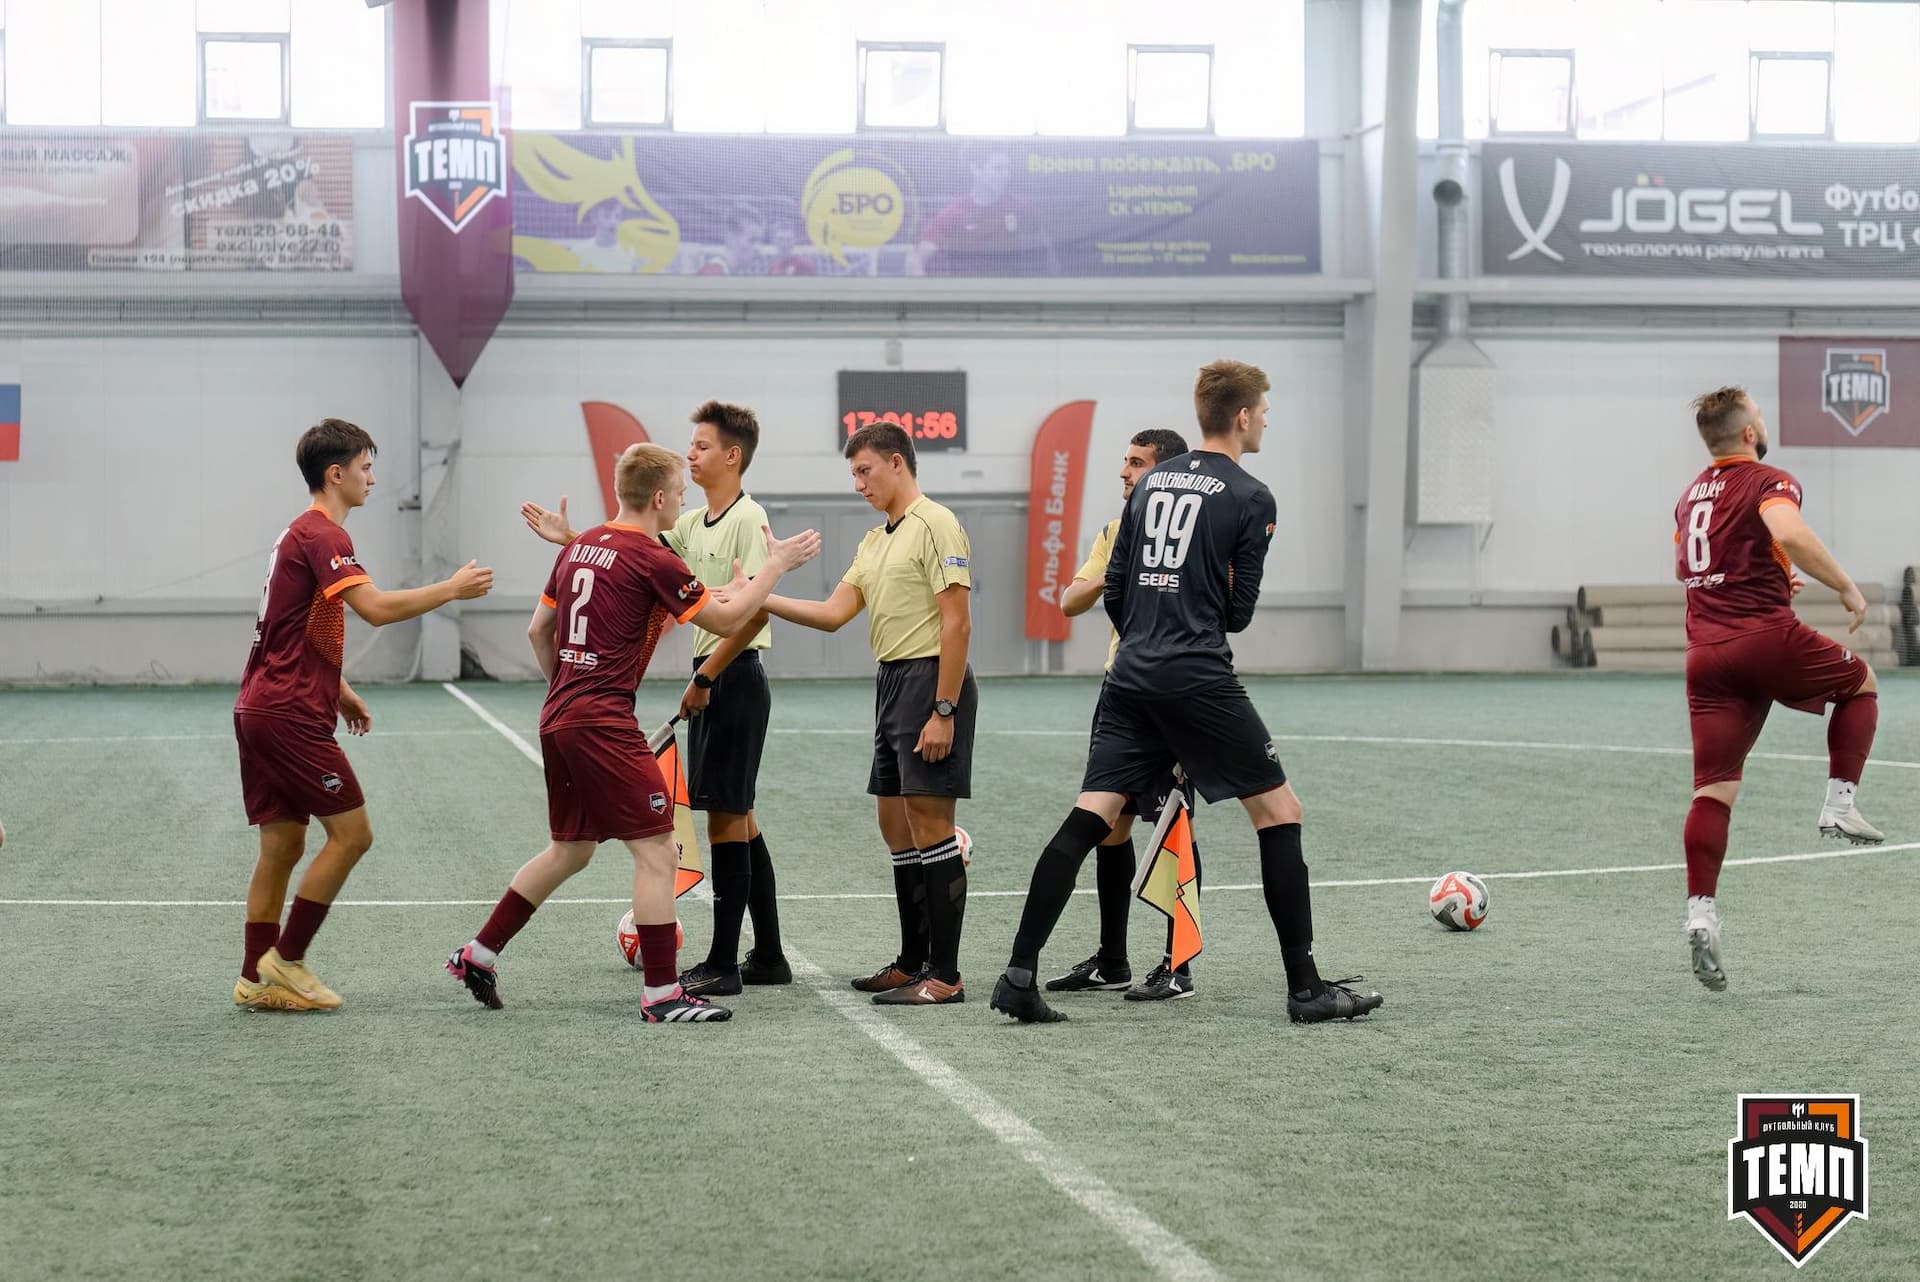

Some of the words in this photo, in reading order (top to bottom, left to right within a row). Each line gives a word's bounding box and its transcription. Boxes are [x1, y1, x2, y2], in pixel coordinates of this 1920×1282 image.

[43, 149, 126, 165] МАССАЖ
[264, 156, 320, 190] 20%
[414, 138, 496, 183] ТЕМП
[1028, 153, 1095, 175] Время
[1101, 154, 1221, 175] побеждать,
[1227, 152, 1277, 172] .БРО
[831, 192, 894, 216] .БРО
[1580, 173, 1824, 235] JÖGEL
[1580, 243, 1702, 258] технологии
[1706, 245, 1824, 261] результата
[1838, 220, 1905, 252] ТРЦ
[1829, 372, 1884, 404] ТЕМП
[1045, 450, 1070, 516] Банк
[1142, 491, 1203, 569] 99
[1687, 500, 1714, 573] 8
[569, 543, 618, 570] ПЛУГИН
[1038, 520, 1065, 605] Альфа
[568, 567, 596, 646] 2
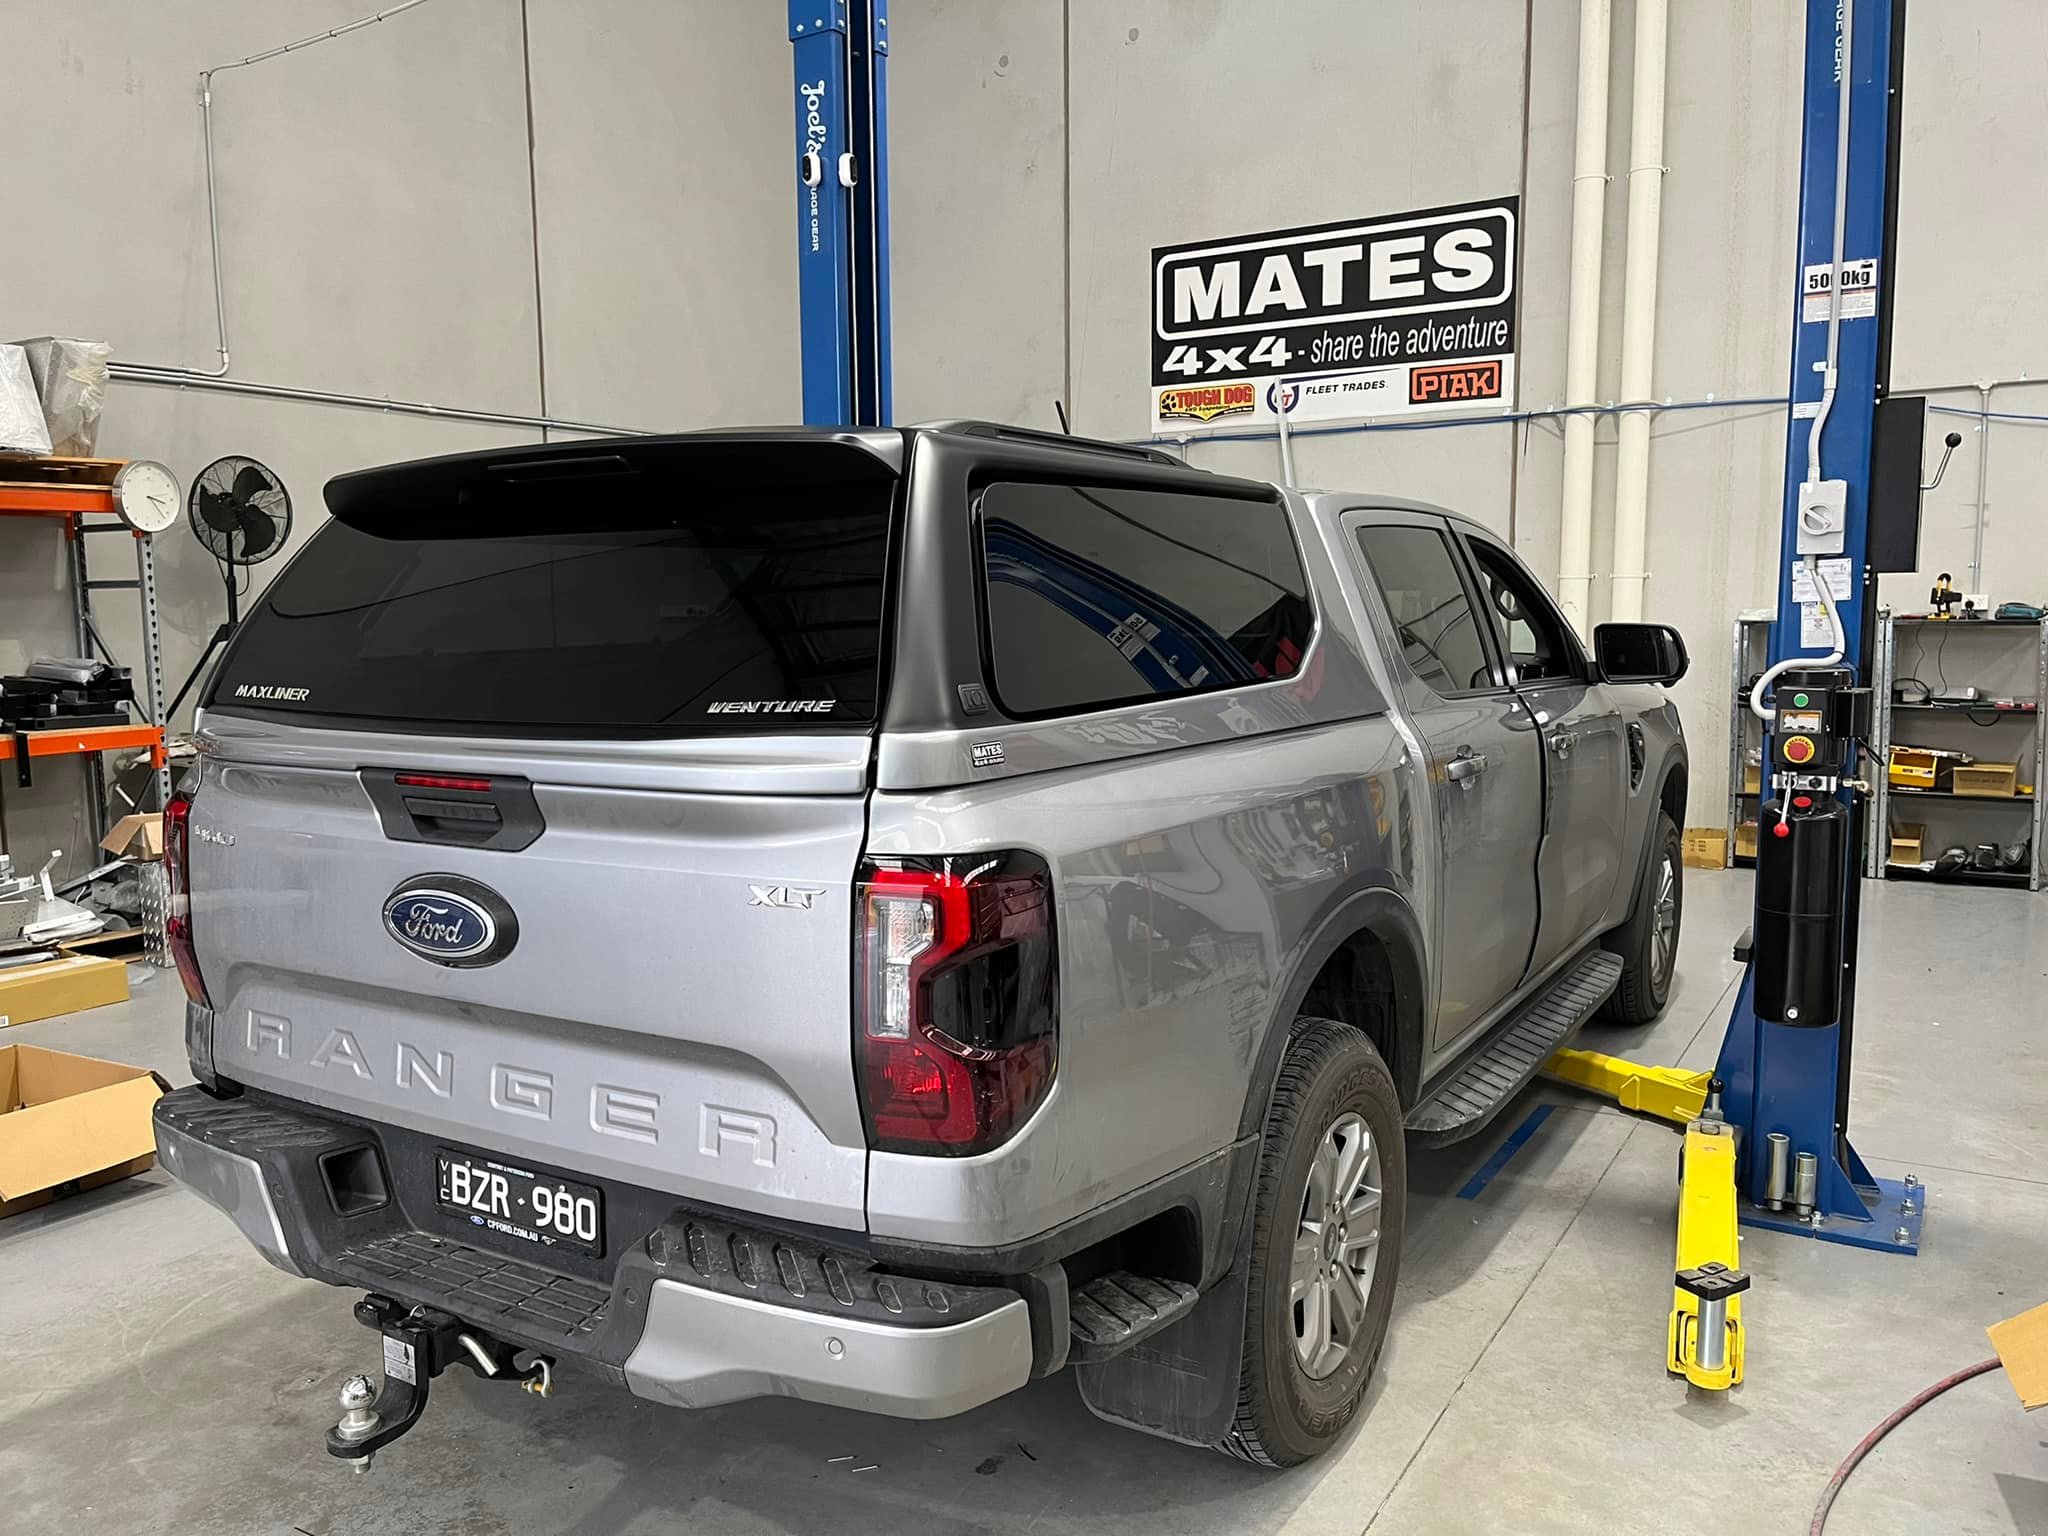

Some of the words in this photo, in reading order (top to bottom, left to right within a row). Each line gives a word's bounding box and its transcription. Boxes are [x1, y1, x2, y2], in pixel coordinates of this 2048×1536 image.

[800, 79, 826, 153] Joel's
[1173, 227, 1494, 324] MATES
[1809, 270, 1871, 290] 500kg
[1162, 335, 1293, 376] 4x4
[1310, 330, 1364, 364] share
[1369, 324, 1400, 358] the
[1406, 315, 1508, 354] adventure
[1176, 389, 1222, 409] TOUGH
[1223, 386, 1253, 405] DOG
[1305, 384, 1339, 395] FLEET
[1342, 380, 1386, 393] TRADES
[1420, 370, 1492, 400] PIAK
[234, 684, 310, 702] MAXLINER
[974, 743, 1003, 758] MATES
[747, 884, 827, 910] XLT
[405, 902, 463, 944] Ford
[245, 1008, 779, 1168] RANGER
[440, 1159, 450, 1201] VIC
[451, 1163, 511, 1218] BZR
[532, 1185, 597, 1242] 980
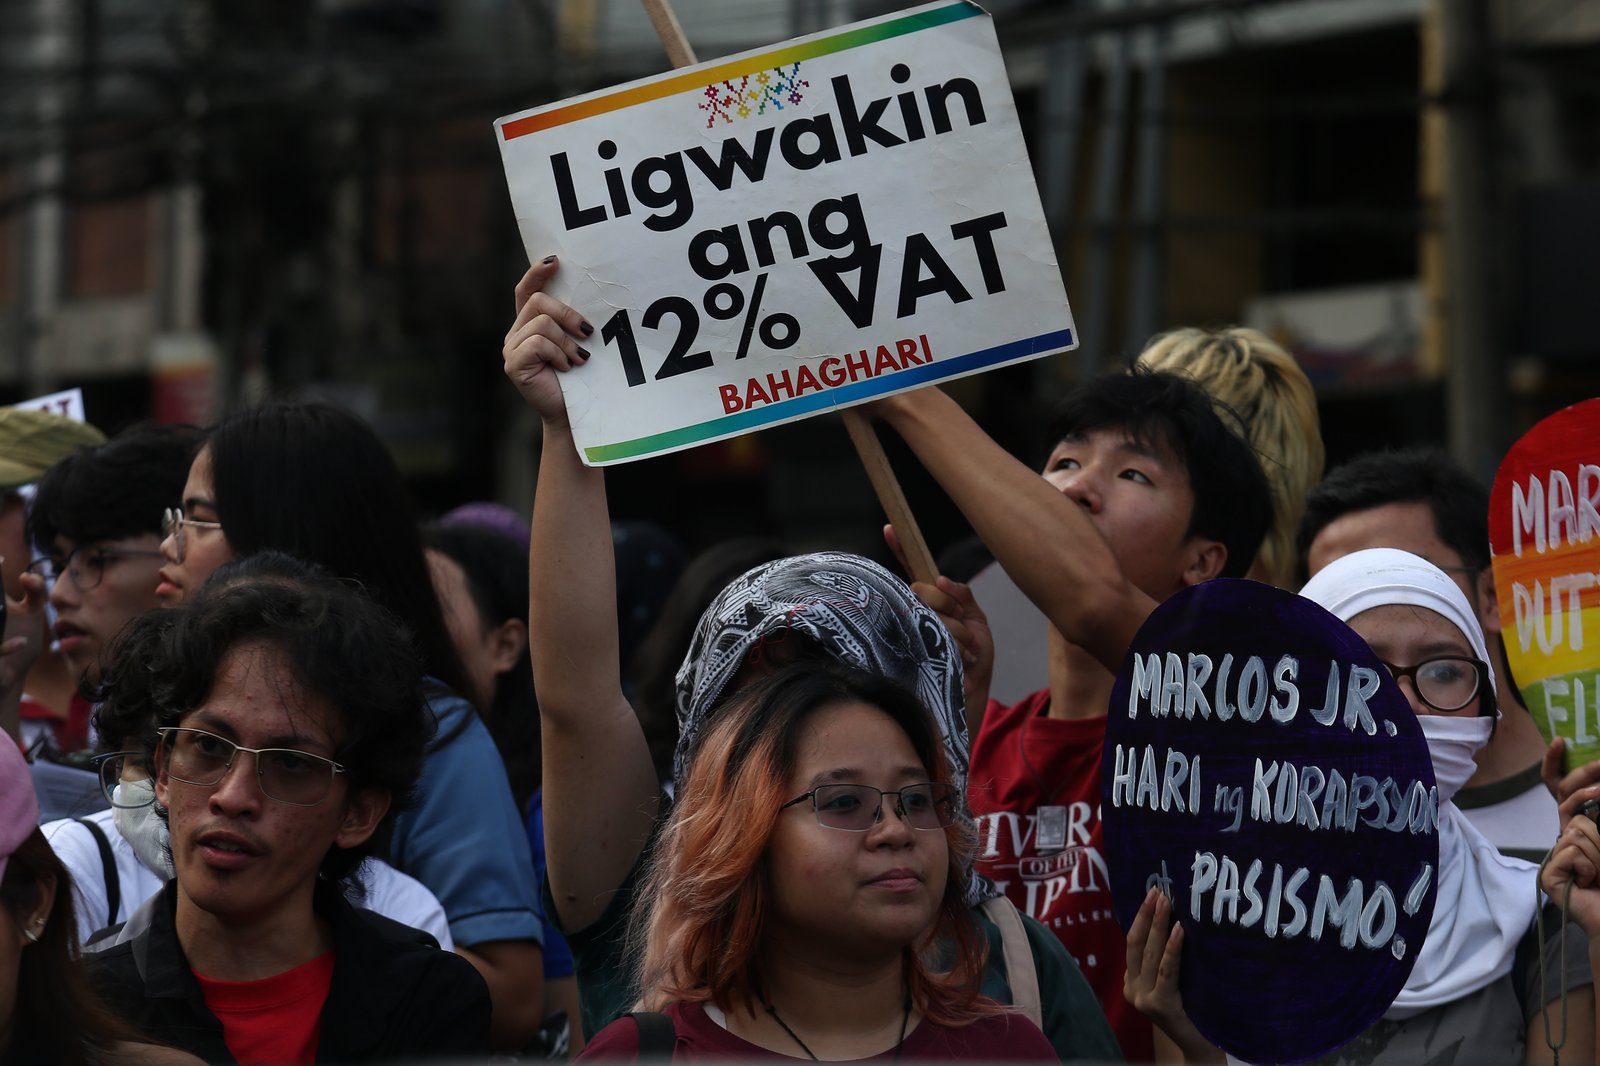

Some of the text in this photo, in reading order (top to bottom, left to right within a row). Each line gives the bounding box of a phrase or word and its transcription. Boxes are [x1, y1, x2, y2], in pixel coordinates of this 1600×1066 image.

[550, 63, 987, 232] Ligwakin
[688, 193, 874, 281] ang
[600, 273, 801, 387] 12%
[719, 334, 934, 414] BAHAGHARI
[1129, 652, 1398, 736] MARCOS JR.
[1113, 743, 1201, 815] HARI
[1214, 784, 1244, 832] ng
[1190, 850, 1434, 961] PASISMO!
+ + +
__PROMPT__. Output exactly the lines from the line containing "this 2048×1536 image." through the last line of the records, both included, and leave out every picture.

__RESULT OF THIS EXERCISE__.
Some of the words in this photo, in reading order (top to bottom, left to right within a row). Each line gives a word's bounding box and its transcription. Boxes are [x1, y1, x2, y2], in pixel coordinates of this 2048×1536 image.

[800, 79, 826, 153] Joel's
[1173, 227, 1494, 324] MATES
[1809, 270, 1871, 290] 500kg
[1162, 335, 1293, 376] 4x4
[1310, 330, 1364, 364] share
[1369, 324, 1400, 358] the
[1406, 315, 1508, 354] adventure
[1176, 389, 1222, 409] TOUGH
[1223, 386, 1253, 405] DOG
[1305, 384, 1339, 395] FLEET
[1342, 380, 1386, 393] TRADES
[1420, 370, 1492, 400] PIAK
[234, 684, 310, 702] MAXLINER
[974, 743, 1003, 758] MATES
[747, 884, 827, 910] XLT
[405, 902, 463, 944] Ford
[245, 1008, 779, 1168] RANGER
[440, 1159, 450, 1201] VIC
[451, 1163, 511, 1218] BZR
[532, 1185, 597, 1242] 980

Some of the text in this photo, in reading order (top to bottom, left to right within a row). Each line gives the bounding box of a phrase or word and its transcription. Boxes are [x1, y1, x2, y2], in pixel coordinates of this 1600×1066 image.

[550, 63, 987, 232] Ligwakin
[688, 193, 874, 281] ang
[600, 273, 801, 387] 12%
[719, 334, 934, 414] BAHAGHARI
[1129, 652, 1398, 736] MARCOS JR.
[1113, 743, 1201, 815] HARI
[1214, 784, 1244, 832] ng
[1190, 850, 1434, 961] PASISMO!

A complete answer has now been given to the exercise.